**Assigned task:** What is needed is an exact copy of the records below, minus any pictures.

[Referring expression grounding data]

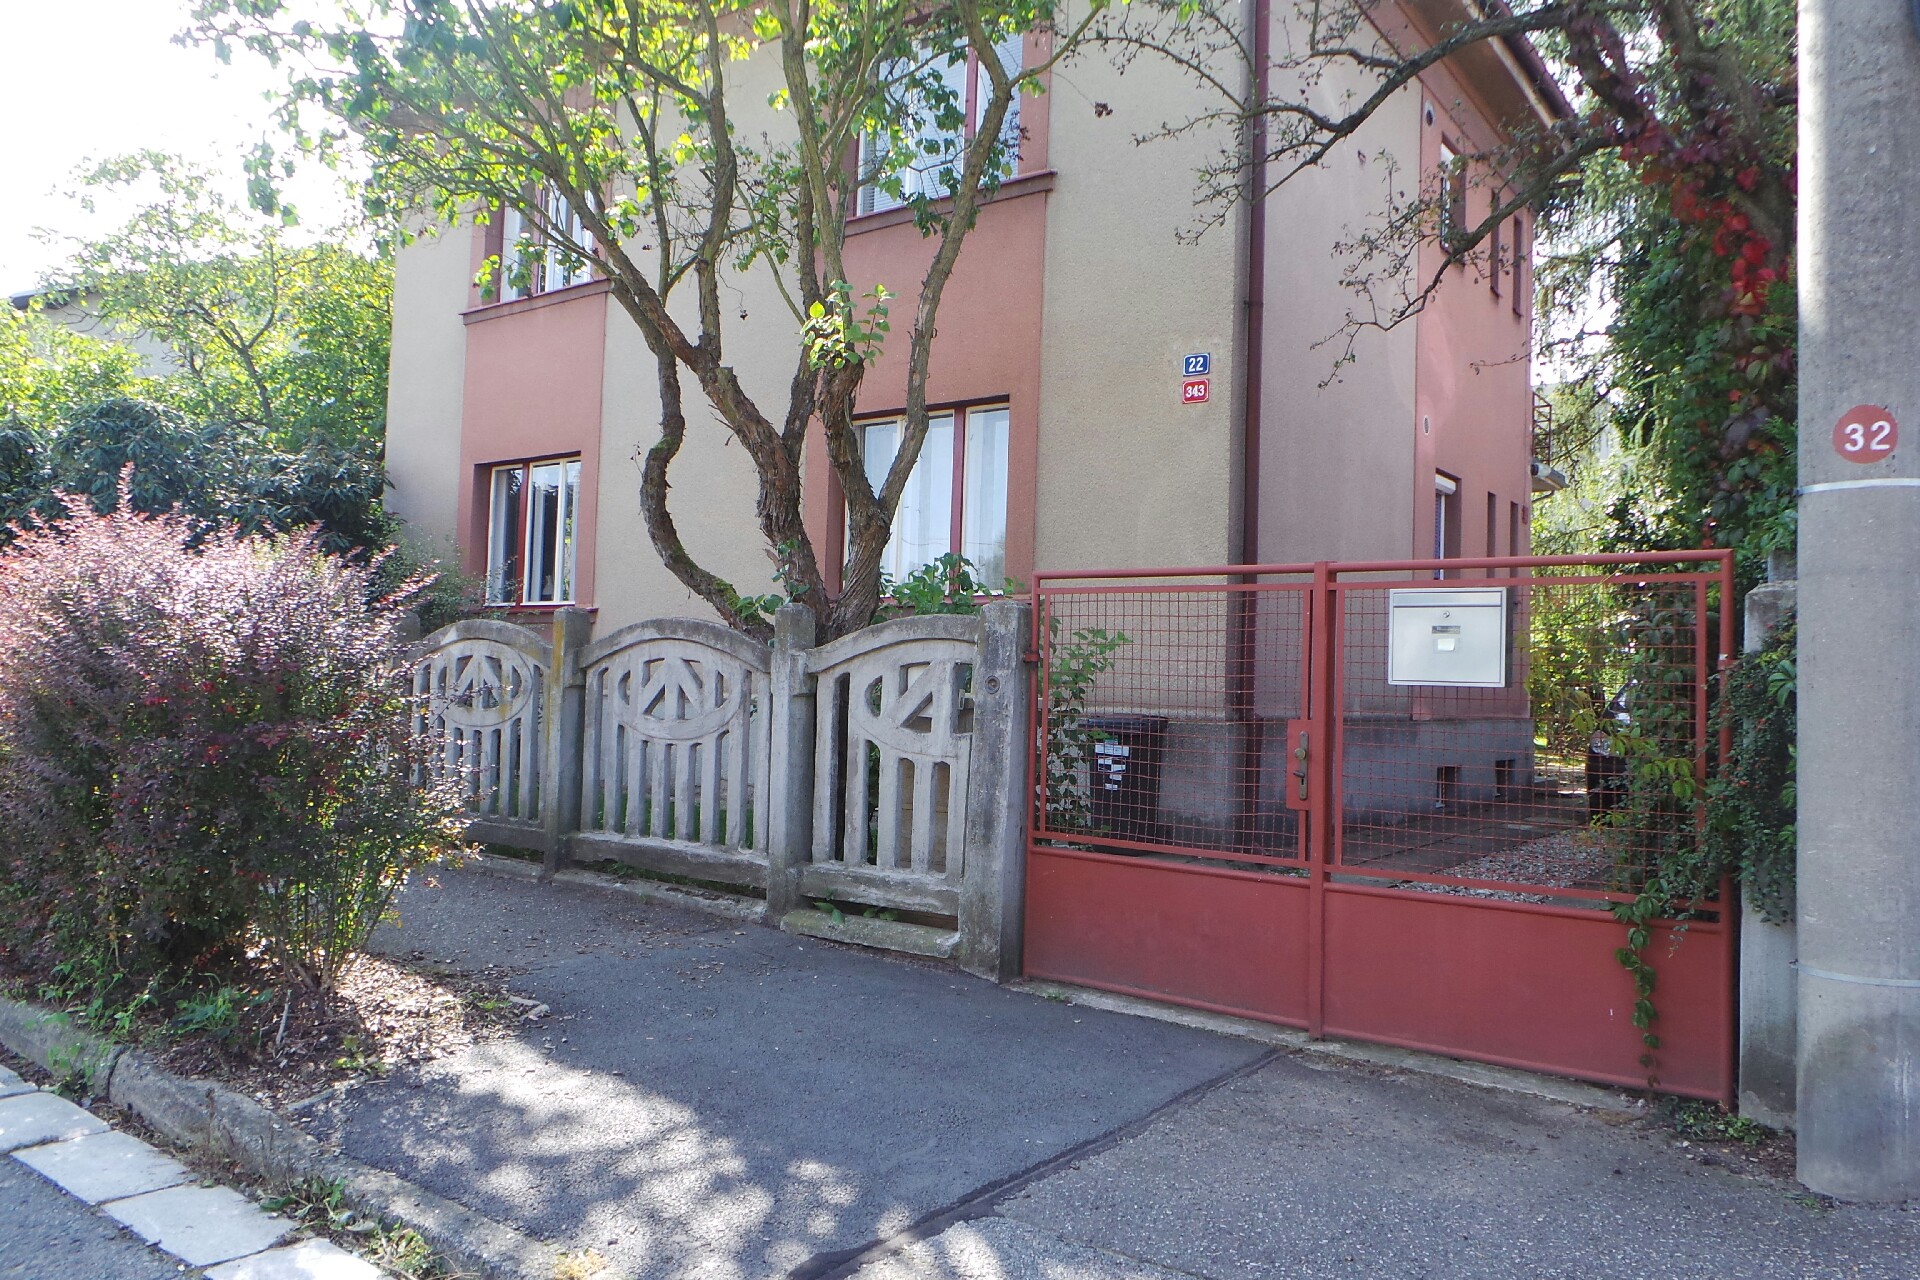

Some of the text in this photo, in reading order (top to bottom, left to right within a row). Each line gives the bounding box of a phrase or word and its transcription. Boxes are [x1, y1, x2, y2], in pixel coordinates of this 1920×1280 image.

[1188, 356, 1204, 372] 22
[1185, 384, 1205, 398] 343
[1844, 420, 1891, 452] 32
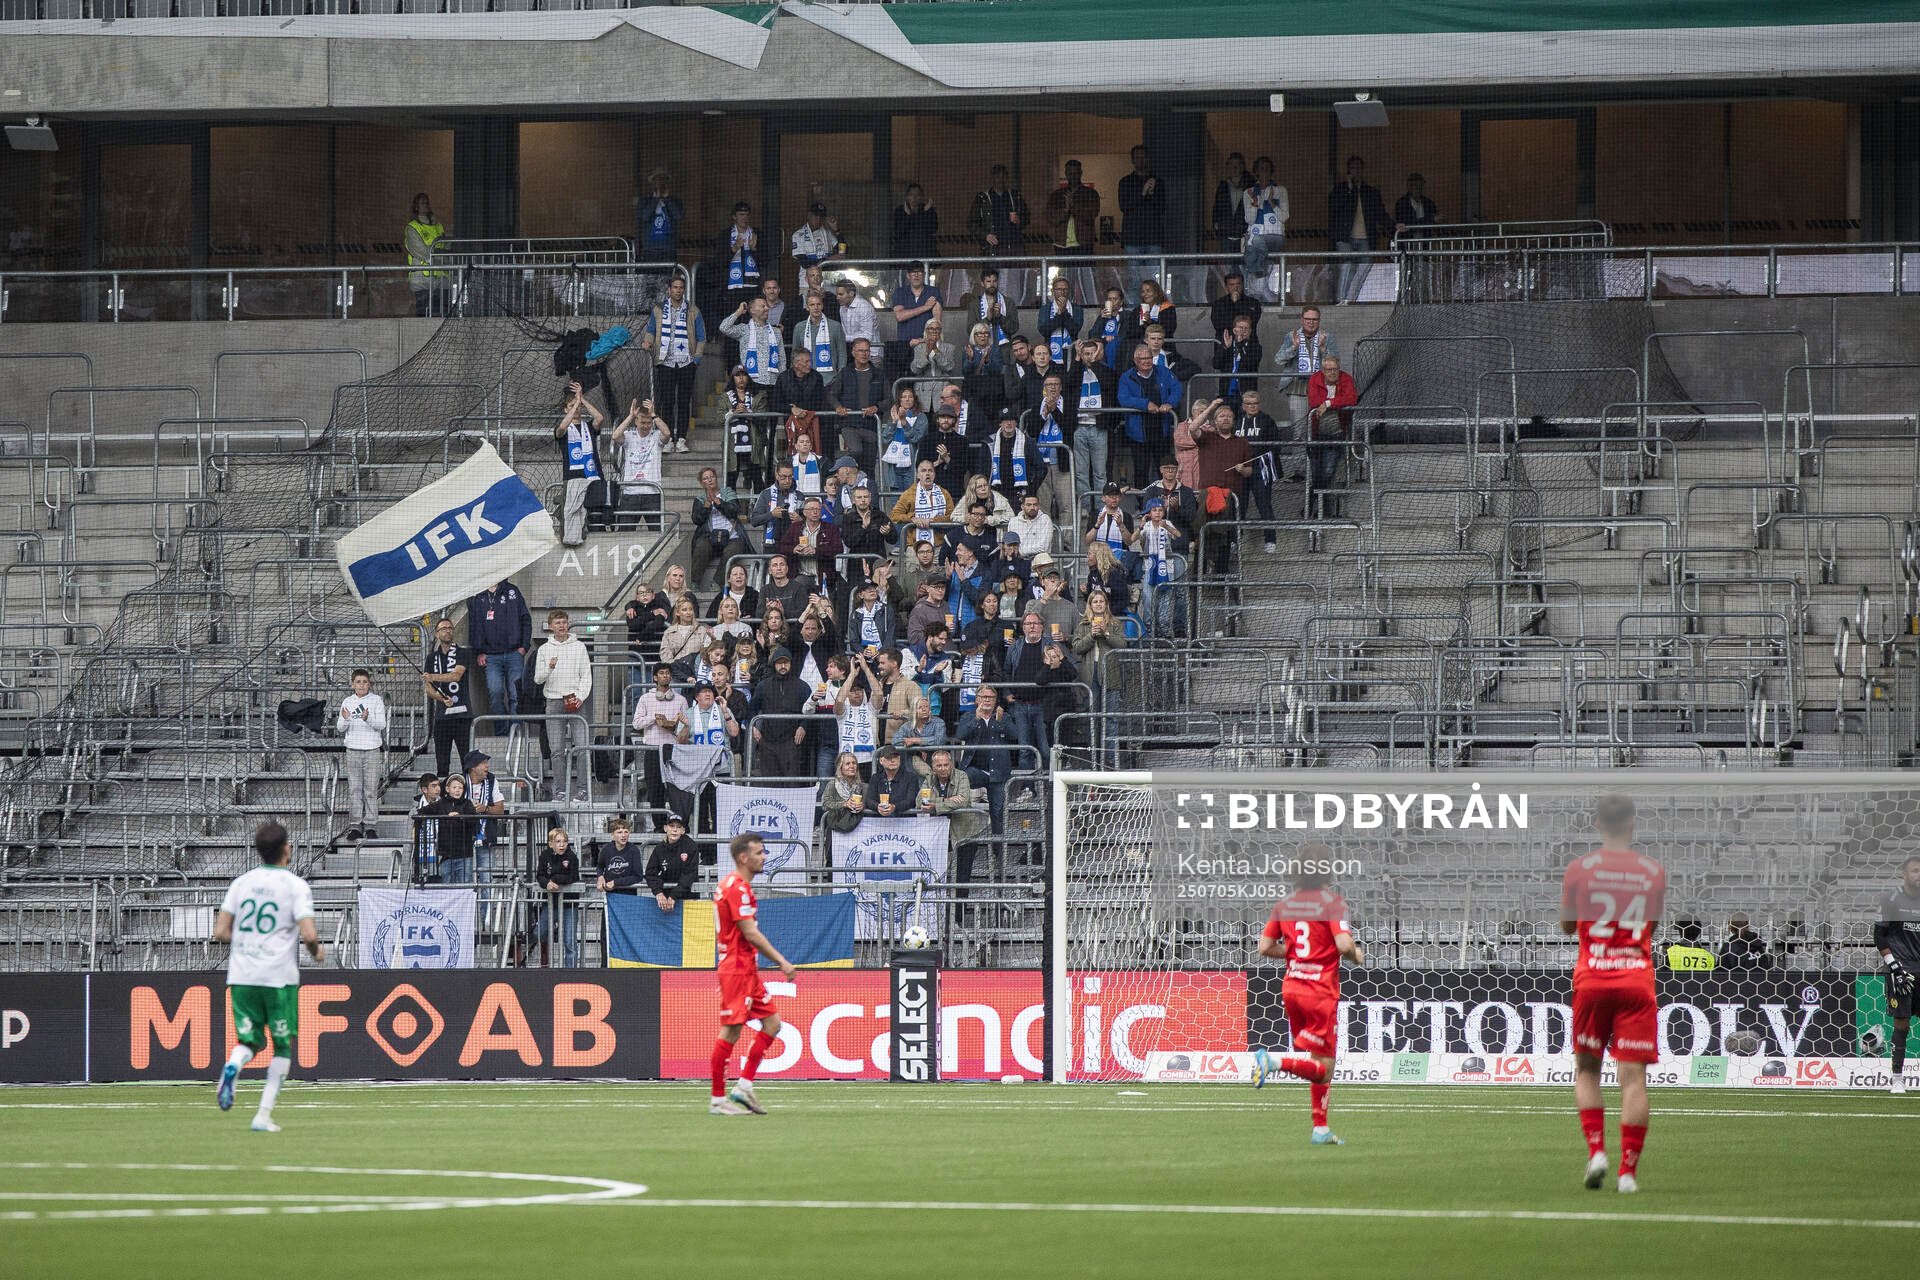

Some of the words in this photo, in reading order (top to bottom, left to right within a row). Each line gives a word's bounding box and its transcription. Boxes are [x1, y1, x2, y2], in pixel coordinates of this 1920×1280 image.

**Answer to the problem:**
Some of the text in this photo, in reading order (top to bottom, left to right within a row). Each line gives the bounding box of a phrase or word and its transcription. Boxes are [x1, y1, x2, y2], in pixel coordinates of this 1920×1280 image.

[1188, 356, 1204, 372] 22
[1185, 384, 1205, 398] 343
[1844, 420, 1891, 452] 32

Some of the words in this photo, in reading order (top to bottom, left to right within a row). Each line gives a word's bounding box and its transcription. Boxes are [x1, y1, x2, y2], in pixel coordinates of this 1920×1280 image.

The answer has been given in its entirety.